» **WHAT IS REQUIRED**
Reproduce the listing exactly, keeping every word as it is.

= = = = =

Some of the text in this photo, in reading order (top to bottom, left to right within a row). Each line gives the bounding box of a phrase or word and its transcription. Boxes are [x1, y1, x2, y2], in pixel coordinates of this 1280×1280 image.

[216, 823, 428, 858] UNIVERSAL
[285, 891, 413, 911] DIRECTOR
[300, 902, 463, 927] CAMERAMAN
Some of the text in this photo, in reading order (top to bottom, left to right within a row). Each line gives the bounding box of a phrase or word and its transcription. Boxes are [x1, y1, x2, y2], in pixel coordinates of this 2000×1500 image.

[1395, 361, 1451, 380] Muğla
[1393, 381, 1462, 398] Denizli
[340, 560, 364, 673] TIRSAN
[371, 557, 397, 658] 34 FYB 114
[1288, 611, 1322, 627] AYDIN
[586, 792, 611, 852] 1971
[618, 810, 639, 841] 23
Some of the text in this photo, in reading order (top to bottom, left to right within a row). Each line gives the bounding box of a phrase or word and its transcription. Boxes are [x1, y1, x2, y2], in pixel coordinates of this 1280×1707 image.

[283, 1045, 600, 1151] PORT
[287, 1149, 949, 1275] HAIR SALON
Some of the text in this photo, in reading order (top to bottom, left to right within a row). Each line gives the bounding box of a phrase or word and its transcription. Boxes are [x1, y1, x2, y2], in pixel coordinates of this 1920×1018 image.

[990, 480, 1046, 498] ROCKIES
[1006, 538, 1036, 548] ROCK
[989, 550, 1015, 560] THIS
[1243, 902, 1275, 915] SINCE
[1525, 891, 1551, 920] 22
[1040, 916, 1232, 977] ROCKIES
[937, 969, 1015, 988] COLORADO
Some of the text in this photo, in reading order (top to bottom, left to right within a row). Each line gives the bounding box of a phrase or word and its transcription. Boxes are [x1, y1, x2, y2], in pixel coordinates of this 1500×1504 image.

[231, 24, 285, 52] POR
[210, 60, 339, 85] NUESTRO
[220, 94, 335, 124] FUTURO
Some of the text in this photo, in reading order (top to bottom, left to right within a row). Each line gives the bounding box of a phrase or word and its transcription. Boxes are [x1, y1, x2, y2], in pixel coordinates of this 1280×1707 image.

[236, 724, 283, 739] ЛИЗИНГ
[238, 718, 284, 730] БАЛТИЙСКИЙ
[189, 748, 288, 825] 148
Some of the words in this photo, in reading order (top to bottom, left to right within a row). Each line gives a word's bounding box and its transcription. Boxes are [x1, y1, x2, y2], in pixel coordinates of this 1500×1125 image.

= = = = =

» **OUTPUT BELOW**
Some of the text in this photo, in reading order (top to bottom, left to right within a row). Each line gives the bounding box of a phrase or word and its transcription. Boxes are [x1, y1, x2, y2], in pixel coordinates of this 1280×1280 image.

[216, 823, 428, 858] UNIVERSAL
[285, 891, 413, 911] DIRECTOR
[300, 902, 463, 927] CAMERAMAN
Some of the text in this photo, in reading order (top to bottom, left to right within a row). Each line gives the bounding box of a phrase or word and its transcription. Boxes are [x1, y1, x2, y2], in pixel coordinates of this 2000×1500 image.

[1395, 361, 1451, 380] Muğla
[1393, 381, 1462, 398] Denizli
[340, 560, 364, 673] TIRSAN
[371, 557, 397, 658] 34 FYB 114
[1288, 611, 1322, 627] AYDIN
[586, 792, 611, 852] 1971
[618, 810, 639, 841] 23
Some of the text in this photo, in reading order (top to bottom, left to right within a row). Each line gives the bounding box of a phrase or word and its transcription. Boxes are [x1, y1, x2, y2], in pixel coordinates of this 1280×1707 image.

[283, 1045, 600, 1151] PORT
[287, 1149, 949, 1275] HAIR SALON
Some of the text in this photo, in reading order (top to bottom, left to right within a row). Each line gives the bounding box of a phrase or word and its transcription. Boxes are [x1, y1, x2, y2], in pixel coordinates of this 1920×1018 image.

[990, 480, 1046, 498] ROCKIES
[1006, 538, 1036, 548] ROCK
[989, 550, 1015, 560] THIS
[1243, 902, 1275, 915] SINCE
[1525, 891, 1551, 920] 22
[1040, 916, 1232, 977] ROCKIES
[937, 969, 1015, 988] COLORADO
Some of the text in this photo, in reading order (top to bottom, left to right within a row). Each line gives the bounding box of a phrase or word and its transcription. Boxes are [x1, y1, x2, y2], in pixel coordinates of this 1500×1504 image.

[231, 24, 285, 52] POR
[210, 60, 339, 85] NUESTRO
[220, 94, 335, 124] FUTURO
Some of the text in this photo, in reading order (top to bottom, left to right within a row). Each line gives the bounding box of a phrase or word and its transcription. Boxes are [x1, y1, x2, y2], in pixel coordinates of this 1280×1707 image.

[236, 724, 283, 739] ЛИЗИНГ
[238, 718, 284, 730] БАЛТИЙСКИЙ
[189, 748, 288, 825] 148
Some of the words in this photo, in reading order (top to bottom, left to right within a row). Each line gives a word's bounding box and its transcription. Boxes are [x1, y1, x2, y2], in pixel coordinates of this 1500×1125 image.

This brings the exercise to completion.